Hoje, grande parte das terras ao redor da Baía de Tuxedni está em um parque nacional chamado Parque Nacional e Reserva do Lago Clark, o que é bastante bom, embora seja uma maravilha que ninguém o tenha chamado de Parque Nacional da Baía de Tuxedni. Está quieto. Não há estradas nem cidades. Não há iluminação pública ou linhas de energia. Mas existem ursos pardos. Carcajus. Lobos. Em imponentes choupos, é fácil avistar os ninhos gigantescos de águias americanas. Das 331 baleias beluga ameaçadas de extinção restantes no mundo, muitas vêm aqui para se alimentar de peixes – e, dizem os cientistas, para aproveitar um refúgio tranquilo de um mundo construído.

As flores silvestres desabrocham perto do cume de 2.674 pés da Ilha Chisik, com vista para a Baía de Tuxedni, no Alasca. A Baía de Tuxedni, à beira do Parque e Reserva Nacional do Lago Clark, é um habitat crítico para as ameaçadas baleias beluga de Cook Inlet. No entanto, uma mina de ouro proposta para uma área conhecida como Johnson Tract, dentro do parque nacional, incluiria um importante porto industrial e uma estrada de transporte na costa subdesenvolvida da Baía de Tuxedni, colocando em risco este refúgio tranquilo. | Foto de Hamish Laird

Na Baía de Tuxedni, você pode guardar vestígios do mundo Jurássico – fósseis de moluscos gigantes e amonites que cabem na palma da sua mão. Em um dia claro, você pode observar fumarolas subindo acima das encostas glaciares dos vulcões Iliamna e Redoubt. Você quase pode sentir a última era glacial também, e a terra certamente pode, porque, sem o peso das geleiras, ela está se recuperando e se elevando a um ritmo que as pessoas podem ver durante a vida.

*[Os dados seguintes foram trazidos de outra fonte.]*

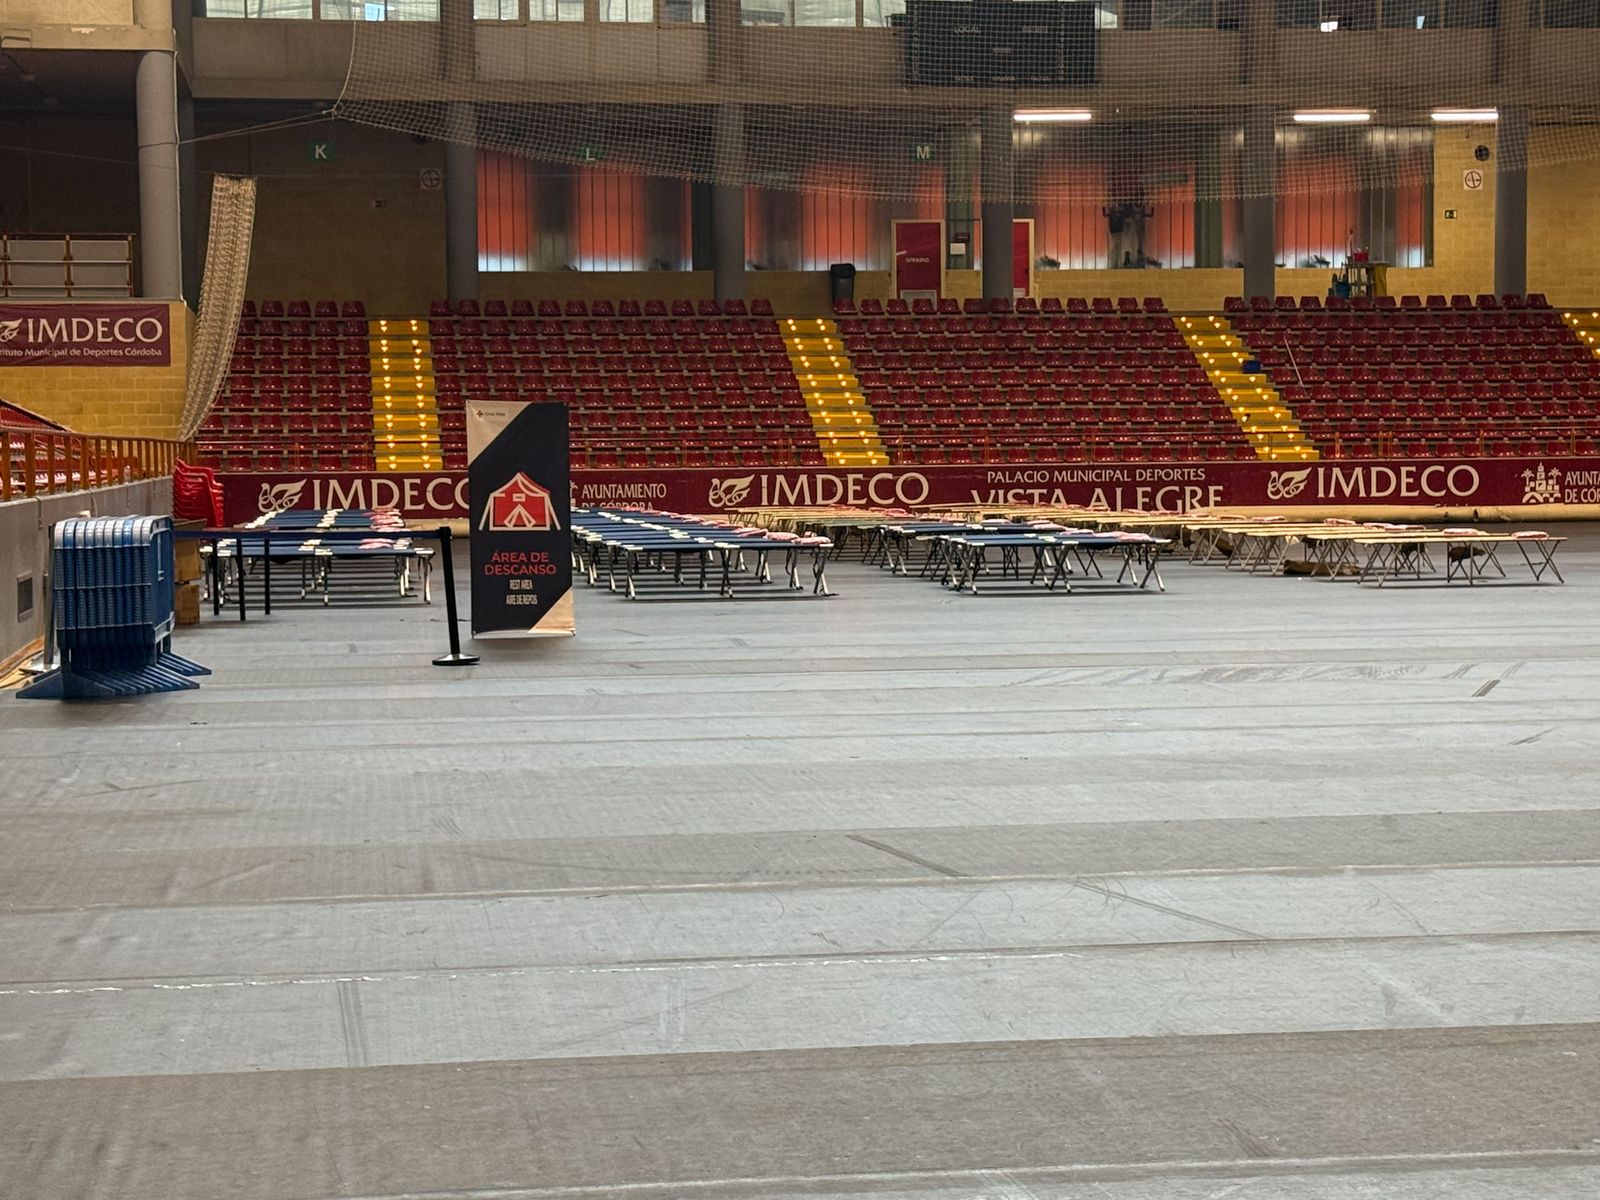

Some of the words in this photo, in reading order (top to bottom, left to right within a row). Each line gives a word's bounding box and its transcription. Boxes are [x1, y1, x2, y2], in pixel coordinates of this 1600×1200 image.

[315, 144, 327, 159] K
[586, 147, 596, 160] L
[916, 145, 929, 159] M
[27, 317, 163, 343] IMDECO
[25, 347, 68, 358] Municipal
[70, 347, 81, 356] de
[83, 347, 123, 358] Deportes
[125, 347, 162, 357] Córdoba
[987, 470, 1050, 484] PALACIO
[1053, 469, 1132, 483] MUNICIPAL
[1135, 468, 1206, 482] DEPORTES
[1317, 464, 1480, 498] IMDECO
[582, 483, 667, 499] AYUNTAMIENTO
[760, 472, 929, 506] IMDECO
[1564, 488, 1579, 503] DE
[491, 550, 528, 562] ÁREA
[530, 552, 549, 562] DE
[484, 564, 557, 576] DESCANSO

Porém, uma pessoa que deixou sua marca certamente nunca pisou aqui: Theodore Roosevelt. A Ilha Chisik faz parte de um refúgio que ele criou em 1909 com uma ordem executiva de uma página. Foi uma época de maior preocupação com algumas das espécies de aves mais carismáticas do continente, e Roosevelt acreditava na proteção do habitat. A assinatura presidencial de Roosevelt protegia locais para as aves marinhas que preenchem este lugar infinitamente silencioso com paredes estridentes de som: papagaios-do-mar, murres e gatinhos dominam os céus aqui, exceto quando falcões peregrinos e águias americanas voam ao longo das colônias de nidificação nas encostas dos penhascos, onde a rocha é branca com guano.

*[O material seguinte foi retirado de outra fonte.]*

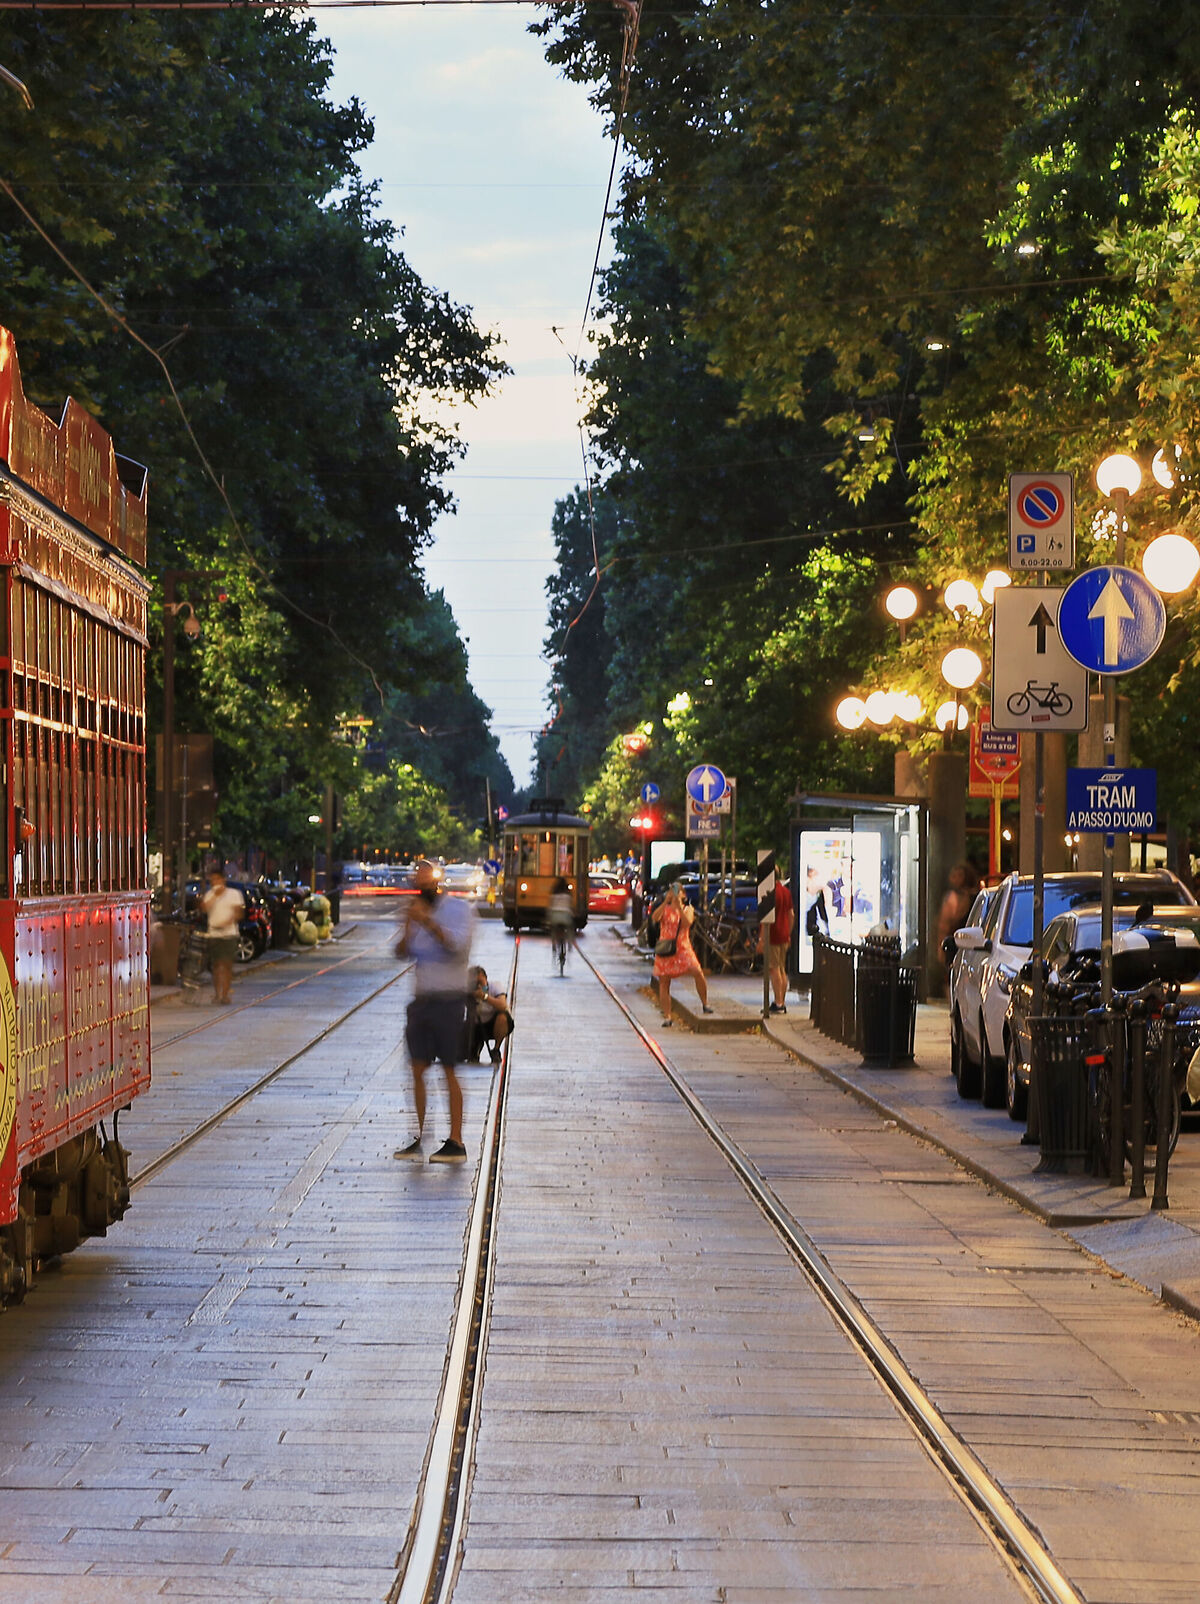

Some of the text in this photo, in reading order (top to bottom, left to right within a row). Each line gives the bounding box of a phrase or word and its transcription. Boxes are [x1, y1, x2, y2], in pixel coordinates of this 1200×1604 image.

[999, 743, 1017, 751] STOP
[1086, 785, 1136, 809] TRAM
[1069, 811, 1153, 828] A PASSO D'UOMO

Depois de exatamente duas horas de escalada, chegamos ao topo da ilha, onde descobrimos um pequeno monte de pedras e, nas proximidades, um caminho aberto na tundra alpina pelas patas do tamanho de uma bandeja de um urso pardo. Há fezes para provar isso. Olhei três quilômetros até Bear Creek, onde sabia que o salmão selvagem estava nadando rio acima para desovar.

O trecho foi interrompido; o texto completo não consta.